_Exercise requirements_:
The records below must be transcribed precisely and in full.

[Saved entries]
● ● ● ● ● ● ●

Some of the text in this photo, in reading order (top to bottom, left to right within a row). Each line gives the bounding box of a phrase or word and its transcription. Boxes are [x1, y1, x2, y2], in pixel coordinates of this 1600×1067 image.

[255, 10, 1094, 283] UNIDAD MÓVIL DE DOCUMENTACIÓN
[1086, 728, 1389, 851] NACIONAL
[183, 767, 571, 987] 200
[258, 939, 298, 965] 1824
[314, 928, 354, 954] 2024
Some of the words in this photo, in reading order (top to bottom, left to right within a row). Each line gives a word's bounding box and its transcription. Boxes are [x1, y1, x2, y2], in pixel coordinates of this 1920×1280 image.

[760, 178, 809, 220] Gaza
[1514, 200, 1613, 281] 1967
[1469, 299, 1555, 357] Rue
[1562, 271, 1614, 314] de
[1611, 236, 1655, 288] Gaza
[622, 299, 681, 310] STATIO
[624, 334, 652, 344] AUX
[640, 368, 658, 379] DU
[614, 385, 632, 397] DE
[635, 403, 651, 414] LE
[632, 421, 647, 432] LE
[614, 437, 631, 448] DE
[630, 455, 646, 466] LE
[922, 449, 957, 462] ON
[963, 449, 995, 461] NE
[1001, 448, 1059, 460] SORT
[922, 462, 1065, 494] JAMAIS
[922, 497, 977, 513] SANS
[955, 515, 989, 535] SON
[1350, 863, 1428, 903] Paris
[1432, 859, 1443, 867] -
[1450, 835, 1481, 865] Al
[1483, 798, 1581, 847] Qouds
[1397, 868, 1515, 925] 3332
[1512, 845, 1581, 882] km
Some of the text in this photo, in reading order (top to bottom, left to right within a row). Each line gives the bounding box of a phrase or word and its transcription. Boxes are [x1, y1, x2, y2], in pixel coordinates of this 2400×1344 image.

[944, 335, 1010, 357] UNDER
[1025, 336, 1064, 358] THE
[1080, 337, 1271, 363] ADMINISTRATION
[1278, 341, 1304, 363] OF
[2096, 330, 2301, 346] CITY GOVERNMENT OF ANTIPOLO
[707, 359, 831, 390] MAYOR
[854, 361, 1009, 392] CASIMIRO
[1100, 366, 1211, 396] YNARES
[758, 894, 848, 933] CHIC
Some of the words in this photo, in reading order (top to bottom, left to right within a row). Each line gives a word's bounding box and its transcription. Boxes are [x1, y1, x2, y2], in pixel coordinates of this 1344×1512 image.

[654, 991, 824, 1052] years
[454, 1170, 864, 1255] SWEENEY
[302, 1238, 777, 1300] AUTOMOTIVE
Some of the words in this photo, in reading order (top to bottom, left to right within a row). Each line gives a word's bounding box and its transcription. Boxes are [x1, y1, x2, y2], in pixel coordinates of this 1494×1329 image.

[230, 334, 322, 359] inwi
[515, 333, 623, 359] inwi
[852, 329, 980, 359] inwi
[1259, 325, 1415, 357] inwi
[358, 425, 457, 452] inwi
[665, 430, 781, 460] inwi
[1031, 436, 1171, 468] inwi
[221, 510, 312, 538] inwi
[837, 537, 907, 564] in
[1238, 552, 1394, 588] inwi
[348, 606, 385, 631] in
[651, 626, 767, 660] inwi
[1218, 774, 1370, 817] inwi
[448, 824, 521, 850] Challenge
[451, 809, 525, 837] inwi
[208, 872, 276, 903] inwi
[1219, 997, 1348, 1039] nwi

● ● ● ● ● ● ●

_Response below_:
Some of the text in this photo, in reading order (top to bottom, left to right within a row). Each line gives the bounding box of a phrase or word and its transcription. Boxes are [x1, y1, x2, y2], in pixel coordinates of this 1600×1067 image.

[255, 10, 1094, 283] UNIDAD MÓVIL DE DOCUMENTACIÓN
[1086, 728, 1389, 851] NACIONAL
[183, 767, 571, 987] 200
[258, 939, 298, 965] 1824
[314, 928, 354, 954] 2024
Some of the words in this photo, in reading order (top to bottom, left to right within a row). Each line gives a word's bounding box and its transcription. Boxes are [x1, y1, x2, y2], in pixel coordinates of this 1920×1280 image.

[760, 178, 809, 220] Gaza
[1514, 200, 1613, 281] 1967
[1469, 299, 1555, 357] Rue
[1562, 271, 1614, 314] de
[1611, 236, 1655, 288] Gaza
[622, 299, 681, 310] STATIO
[624, 334, 652, 344] AUX
[640, 368, 658, 379] DU
[614, 385, 632, 397] DE
[635, 403, 651, 414] LE
[632, 421, 647, 432] LE
[614, 437, 631, 448] DE
[630, 455, 646, 466] LE
[922, 449, 957, 462] ON
[963, 449, 995, 461] NE
[1001, 448, 1059, 460] SORT
[922, 462, 1065, 494] JAMAIS
[922, 497, 977, 513] SANS
[955, 515, 989, 535] SON
[1350, 863, 1428, 903] Paris
[1432, 859, 1443, 867] -
[1450, 835, 1481, 865] Al
[1483, 798, 1581, 847] Qouds
[1397, 868, 1515, 925] 3332
[1512, 845, 1581, 882] km
Some of the text in this photo, in reading order (top to bottom, left to right within a row). Each line gives the bounding box of a phrase or word and its transcription. Boxes are [x1, y1, x2, y2], in pixel coordinates of this 2400×1344 image.

[944, 335, 1010, 357] UNDER
[1025, 336, 1064, 358] THE
[1080, 337, 1271, 363] ADMINISTRATION
[1278, 341, 1304, 363] OF
[2096, 330, 2301, 346] CITY GOVERNMENT OF ANTIPOLO
[707, 359, 831, 390] MAYOR
[854, 361, 1009, 392] CASIMIRO
[1100, 366, 1211, 396] YNARES
[758, 894, 848, 933] CHIC
Some of the words in this photo, in reading order (top to bottom, left to right within a row). Each line gives a word's bounding box and its transcription. Boxes are [x1, y1, x2, y2], in pixel coordinates of this 1344×1512 image.

[654, 991, 824, 1052] years
[454, 1170, 864, 1255] SWEENEY
[302, 1238, 777, 1300] AUTOMOTIVE
Some of the words in this photo, in reading order (top to bottom, left to right within a row). Each line gives a word's bounding box and its transcription. Boxes are [x1, y1, x2, y2], in pixel coordinates of this 1494×1329 image.

[230, 334, 322, 359] inwi
[515, 333, 623, 359] inwi
[852, 329, 980, 359] inwi
[1259, 325, 1415, 357] inwi
[358, 425, 457, 452] inwi
[665, 430, 781, 460] inwi
[1031, 436, 1171, 468] inwi
[221, 510, 312, 538] inwi
[837, 537, 907, 564] in
[1238, 552, 1394, 588] inwi
[348, 606, 385, 631] in
[651, 626, 767, 660] inwi
[1218, 774, 1370, 817] inwi
[448, 824, 521, 850] Challenge
[451, 809, 525, 837] inwi
[208, 872, 276, 903] inwi
[1219, 997, 1348, 1039] nwi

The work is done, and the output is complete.